A working model of short-term cold exposure in regulating lipid metabolism in skeletal muscle. Short-term cold exposure leads to increased intramuscular lipid droplet deposition in skeletal muscles by mobilizing the body’s metabolism. Cold promotes the process of lipolysis and fatty acid synthesis in the body to generate free fatty acids to store energy. Consequently, the cold challenge induces muscle lipid remodeling and significant changes in lipid composition, especially triglycerides. Transcriptome results show markedly changed genes involved in fatty acid metabolism and mitophagy. Notably, cold exposure leads to impaired mitochondrial oxidation and enhanced mitophagy process, which is modulated by activated HIF1a signaling
Discussion
In the current study, we found that short-term cold exposure significantly increased intramuscular fat deposition.

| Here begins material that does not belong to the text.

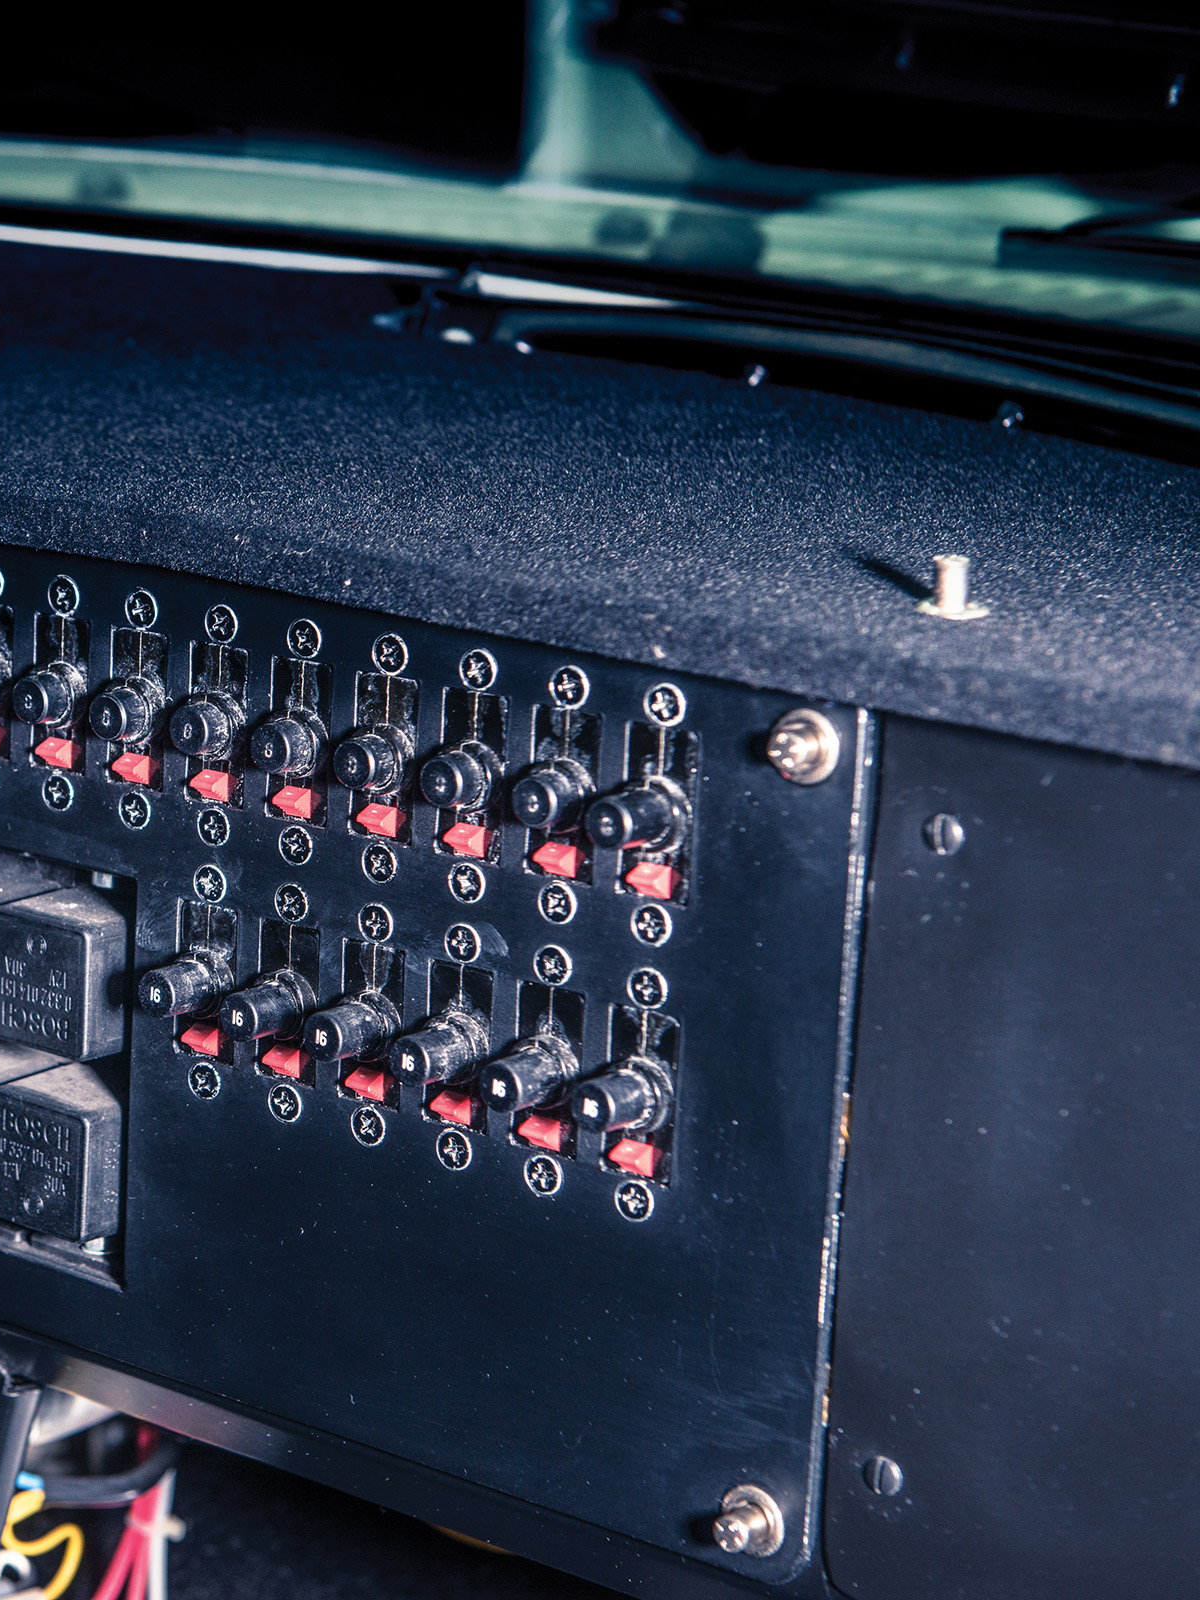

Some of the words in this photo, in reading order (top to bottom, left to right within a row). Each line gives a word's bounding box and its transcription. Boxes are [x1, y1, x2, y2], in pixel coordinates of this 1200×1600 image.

Moreover, we applied mass-spectrometry-based lipidomics and RNA-seq to extend our understanding of the alteration of lipid metabolism and its pathways in skeletal muscle in response to short-term cold exposure. Our results showed that cold exposure induced significant changes in the composition of specific lipid species, especially TG species. The length of acyl chains associated with TG and the composition of medium- and long-chain fatty acids were also influenced by cold treatment. RNA-seq results indicated that a cold challenge induced gene programs involved in the regulation of glucose and fatty acid metabolism. In addition, our results revealed that LC3-mediated autophagy and mitophagy induced by the HIF-1α signaling pathway may play a key role in excessive lipid accumulation in cold-treated skeletal muscle.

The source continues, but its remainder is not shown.